● **Extracted records**:
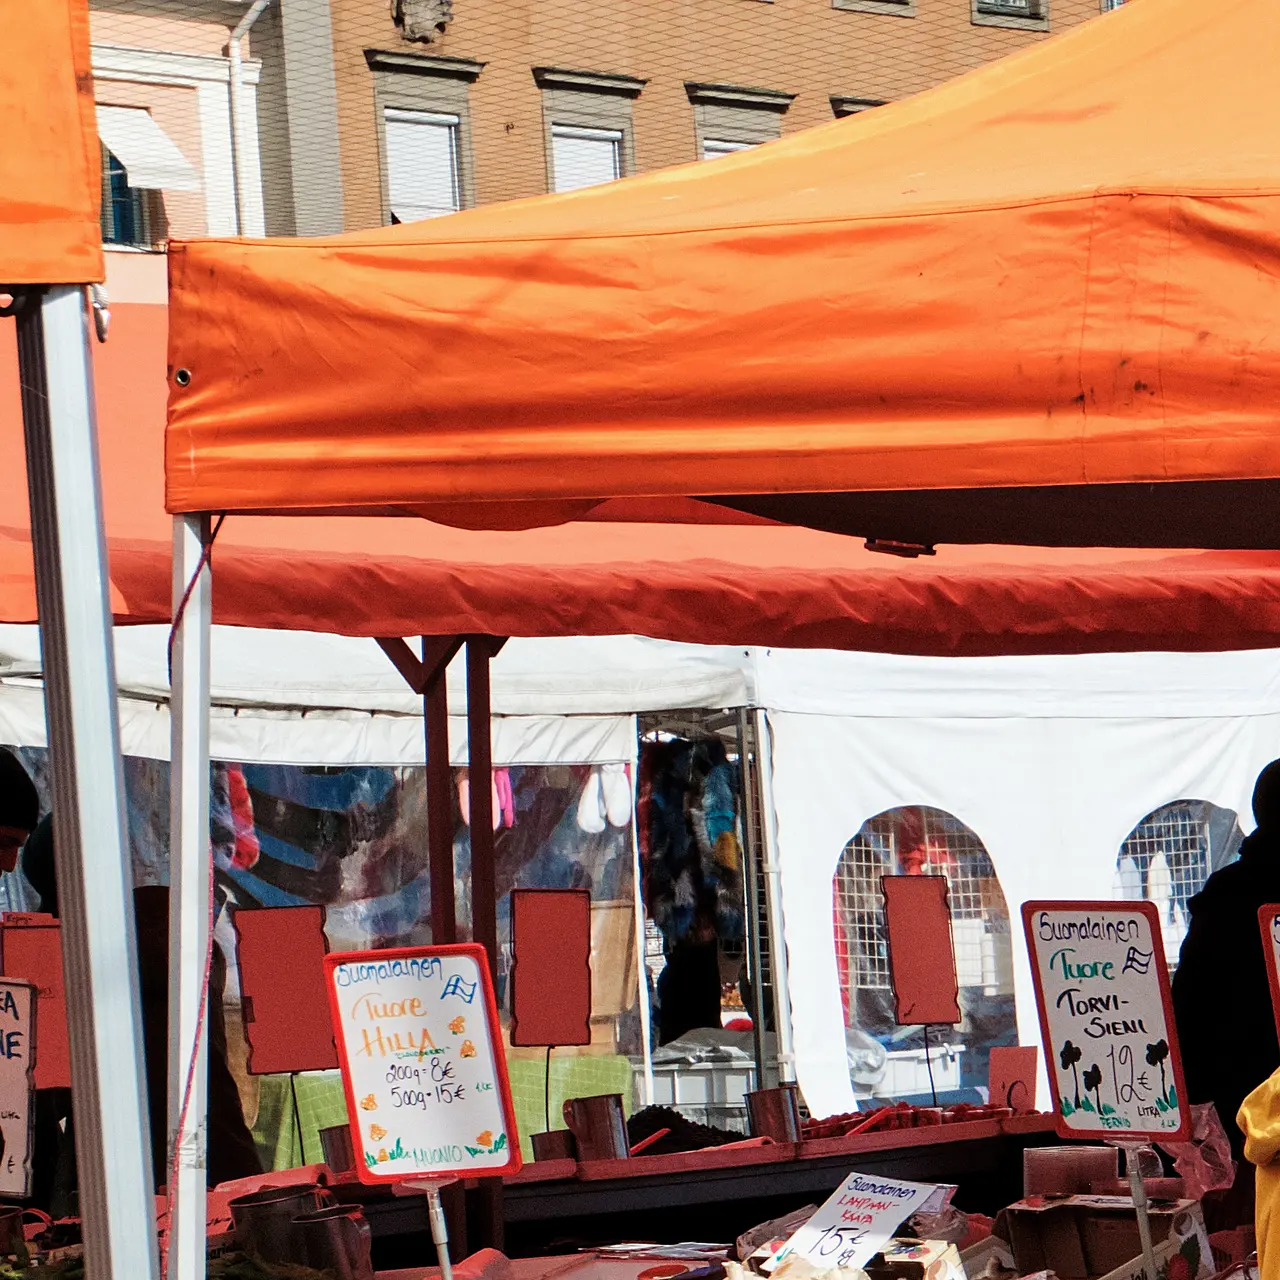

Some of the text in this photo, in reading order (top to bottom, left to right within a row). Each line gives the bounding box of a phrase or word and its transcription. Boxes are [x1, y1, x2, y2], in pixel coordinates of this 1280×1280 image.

[1039, 911, 1140, 944] Suomalainen
[336, 956, 444, 988] Suomalainen
[1050, 948, 1116, 981] Tuore
[352, 992, 428, 1021] Tuore
[1083, 1017, 1148, 1039] SIENI
[413, 1144, 464, 1169] MUONIO
[847, 1176, 917, 1202] Suomalainen
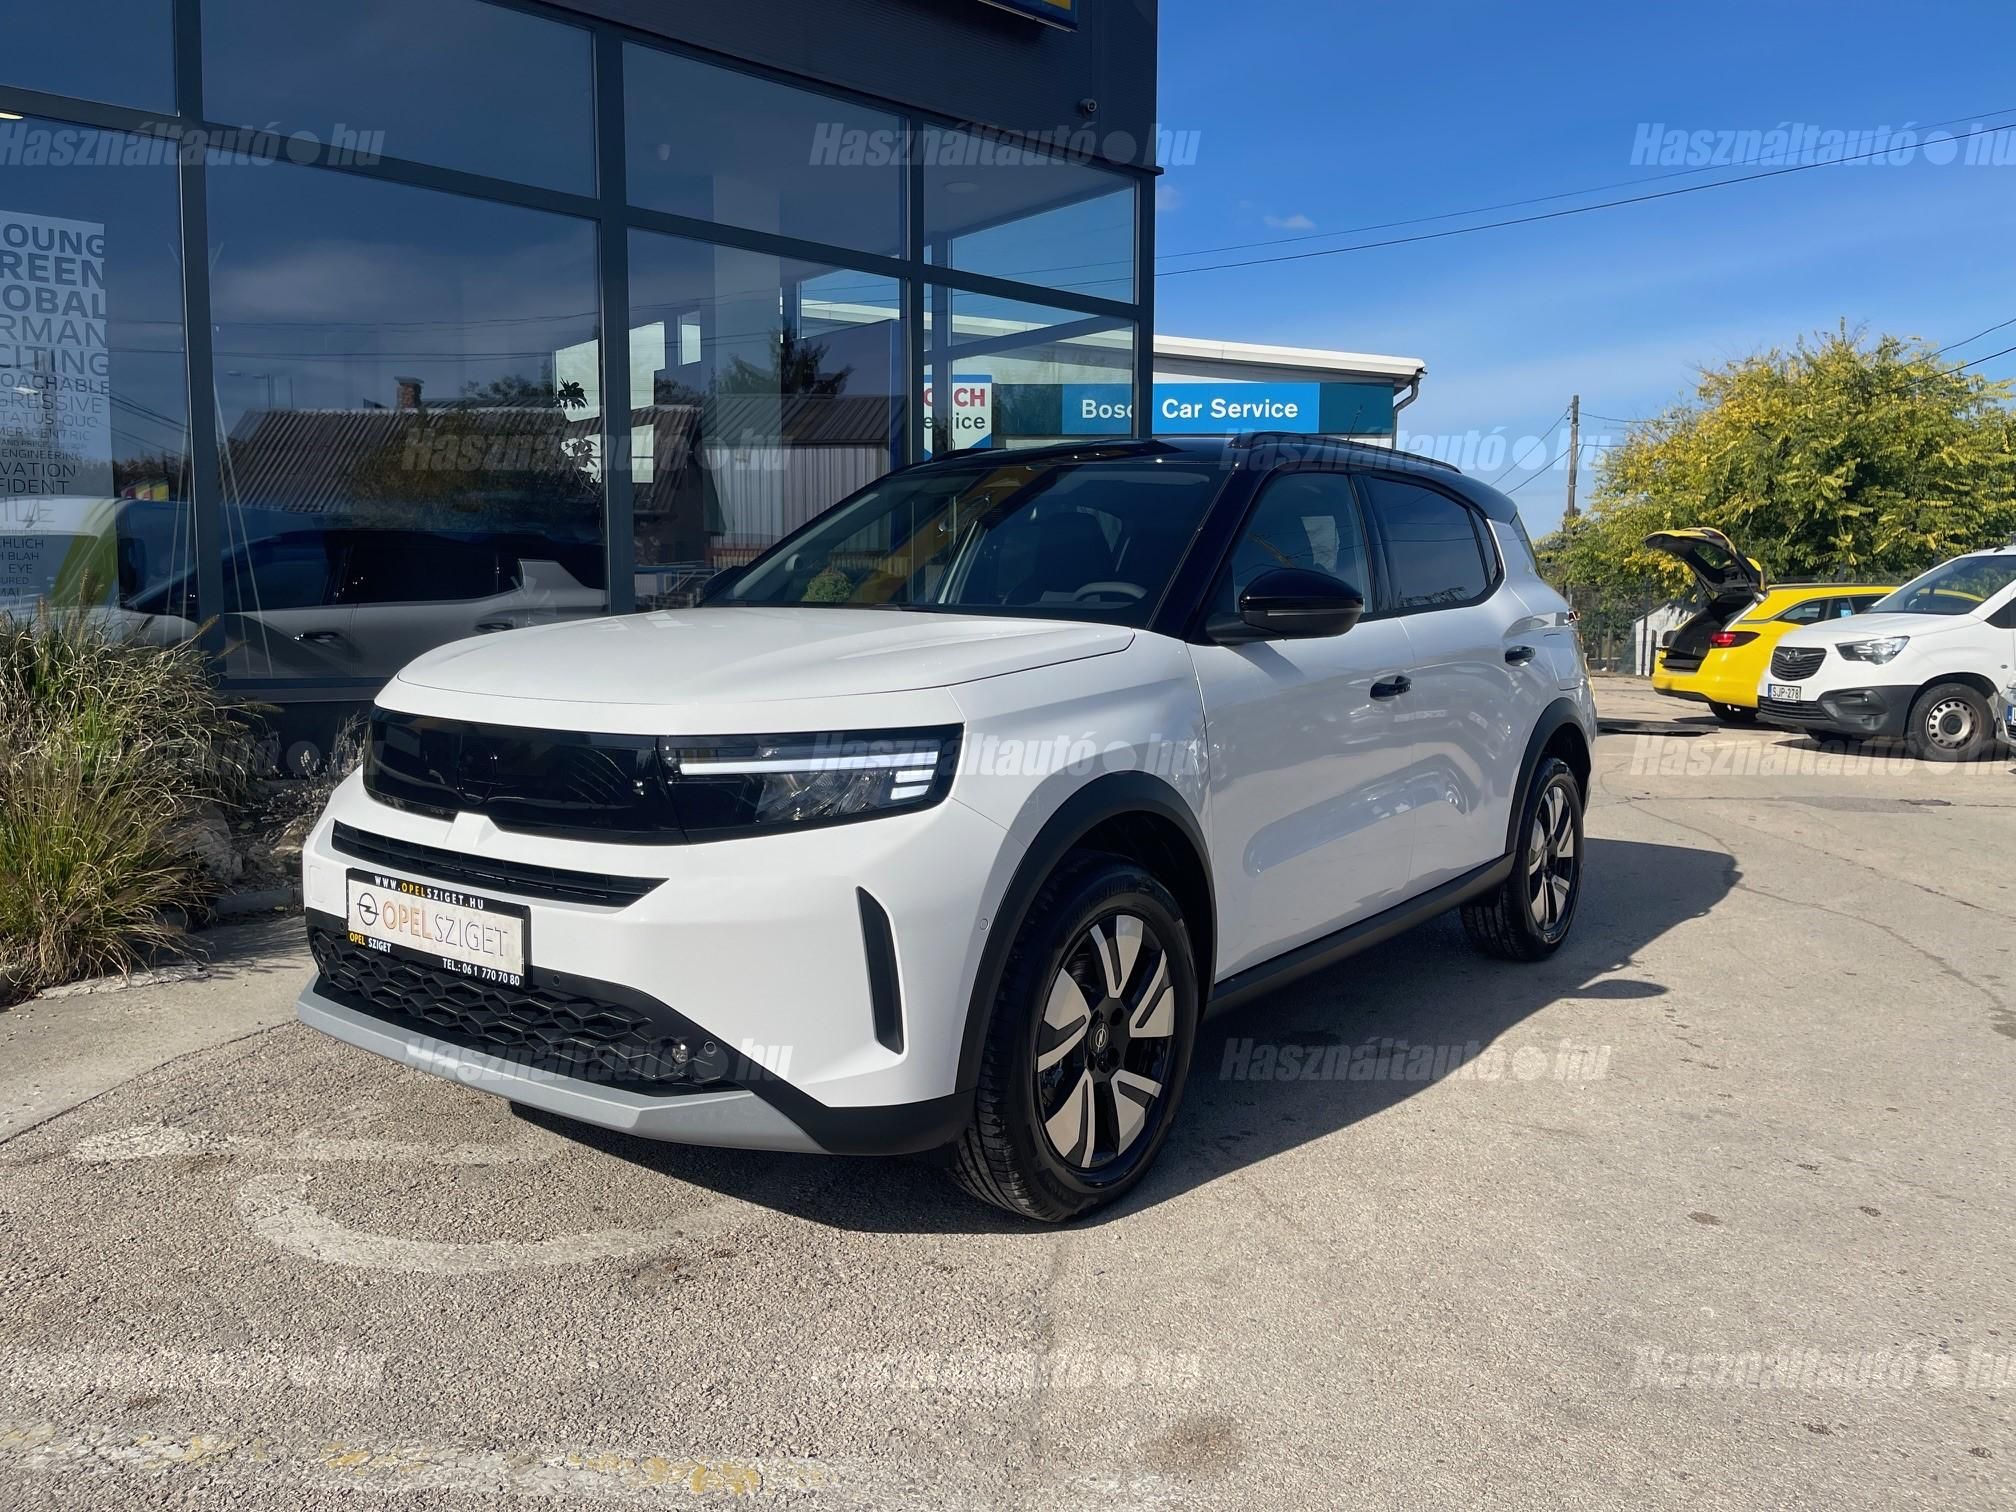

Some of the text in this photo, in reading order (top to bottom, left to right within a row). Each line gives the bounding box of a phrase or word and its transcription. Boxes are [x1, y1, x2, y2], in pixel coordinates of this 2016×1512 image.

● **Action item**: Write out each entry word for word, images excluded.

● **Solved problem**:
Some of the text in this photo, in reading order (top to bottom, left to right within a row). Each line gives the bounding box of a phrase or word and its transcription. Boxes are [x1, y1, x2, y2], in pixel coordinates of this 1280×1280 image.

[1039, 911, 1140, 944] Suomalainen
[336, 956, 444, 988] Suomalainen
[1050, 948, 1116, 981] Tuore
[352, 992, 428, 1021] Tuore
[1083, 1017, 1148, 1039] SIENI
[413, 1144, 464, 1169] MUONIO
[847, 1176, 917, 1202] Suomalainen

Some of the text in this photo, in reading order (top to bottom, left to right within a row). Each line gives the bounding box of a phrase or word and its transcription. Boxes are [x1, y1, x2, y2], in pixel coordinates of this 2016×1512 image.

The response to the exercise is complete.